▸ **Exercise description**
The records below are to be restated word for word; their pictures are not.

▸ **Given records**
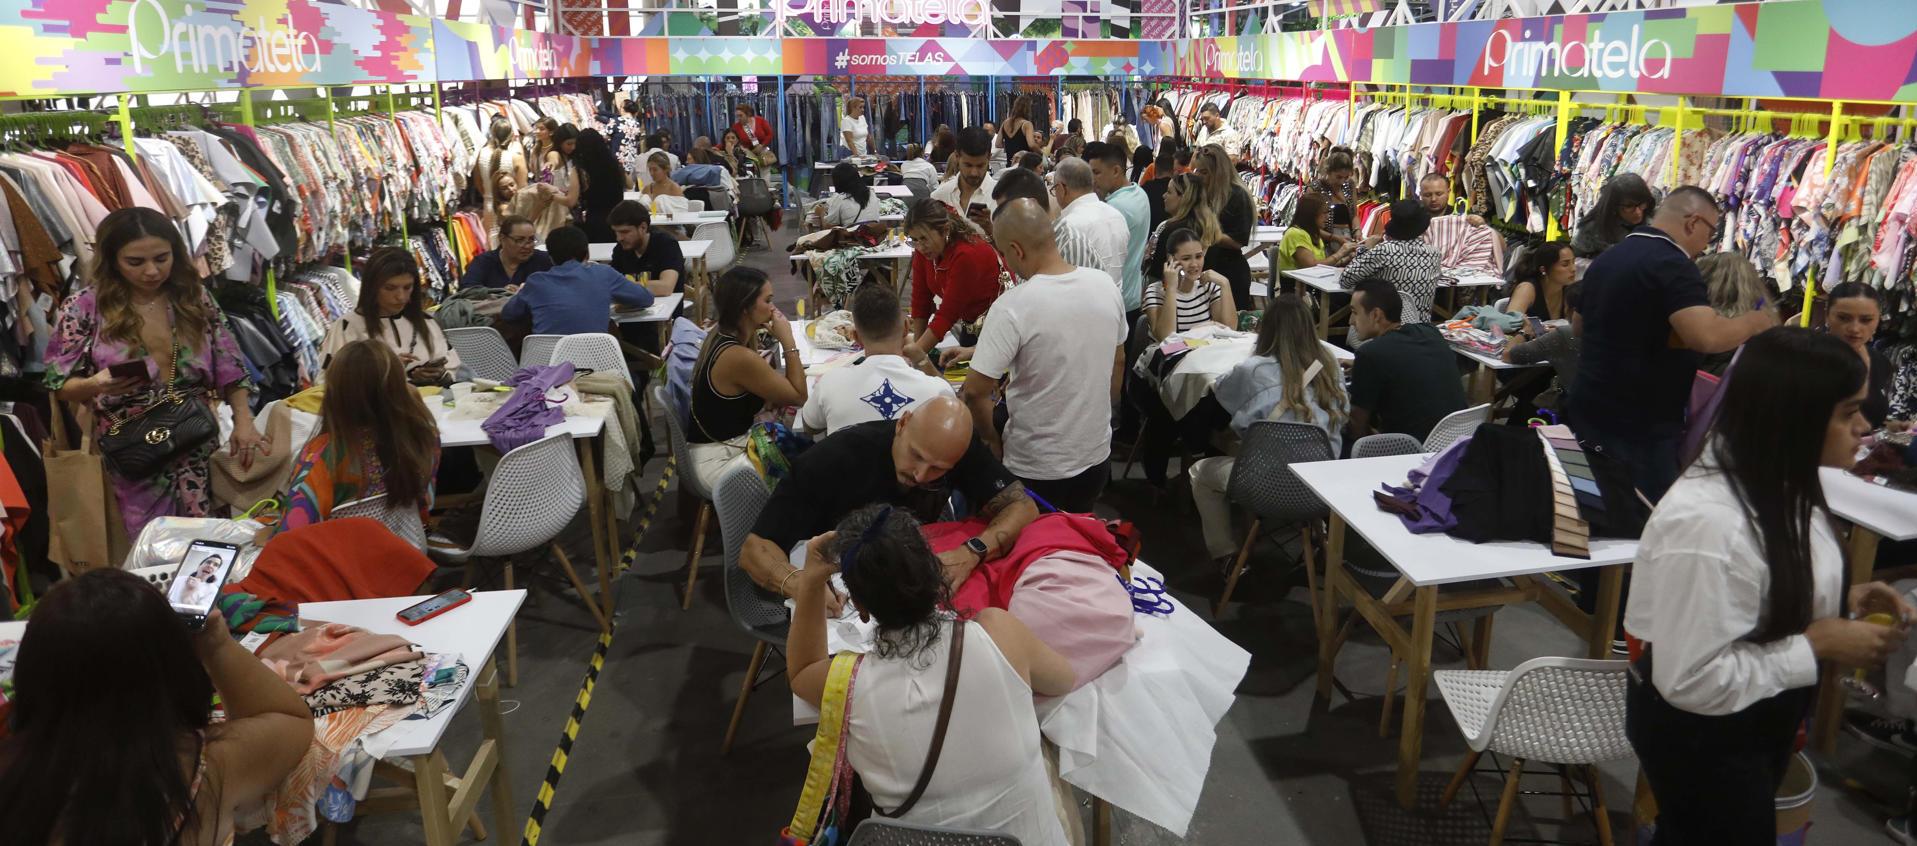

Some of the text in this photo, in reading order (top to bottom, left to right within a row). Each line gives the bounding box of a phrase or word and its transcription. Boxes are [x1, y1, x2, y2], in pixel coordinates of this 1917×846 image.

[128, 0, 321, 74] Primatela
[508, 36, 557, 71] Primatela
[1483, 24, 1672, 80] Primatela
[834, 48, 944, 70] #somosTELAS
[1205, 42, 1263, 72] Primatela
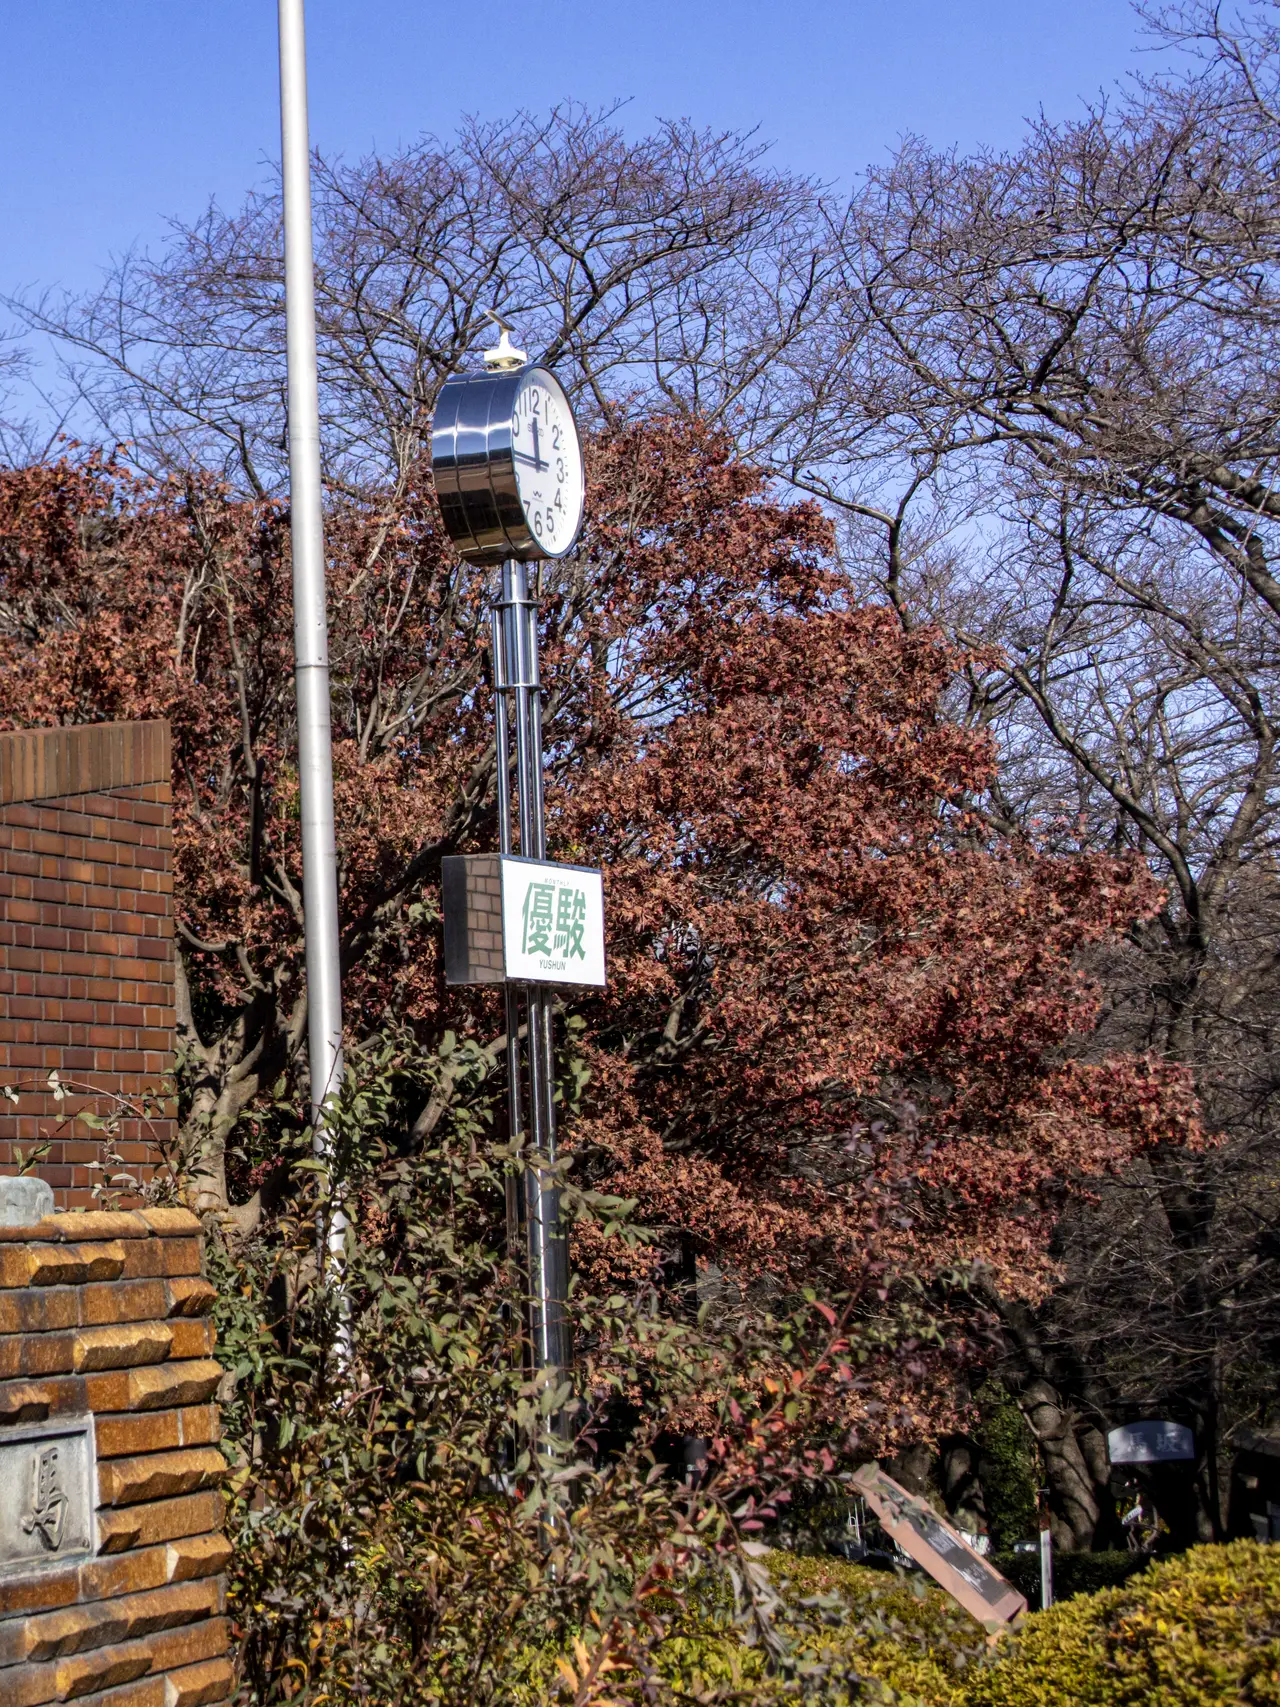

▸ **Answer box**
Some of the text in this photo, in reading order (top to bottom, left to right within a row). Each line gives the bounding box of a phrase or word and its transcription. Boxes are [x1, y1, x2, y2], in pixel coordinates of this 1917×846 image.

[128, 0, 321, 74] Primatela
[508, 36, 557, 71] Primatela
[1483, 24, 1672, 80] Primatela
[834, 48, 944, 70] #somosTELAS
[1205, 42, 1263, 72] Primatela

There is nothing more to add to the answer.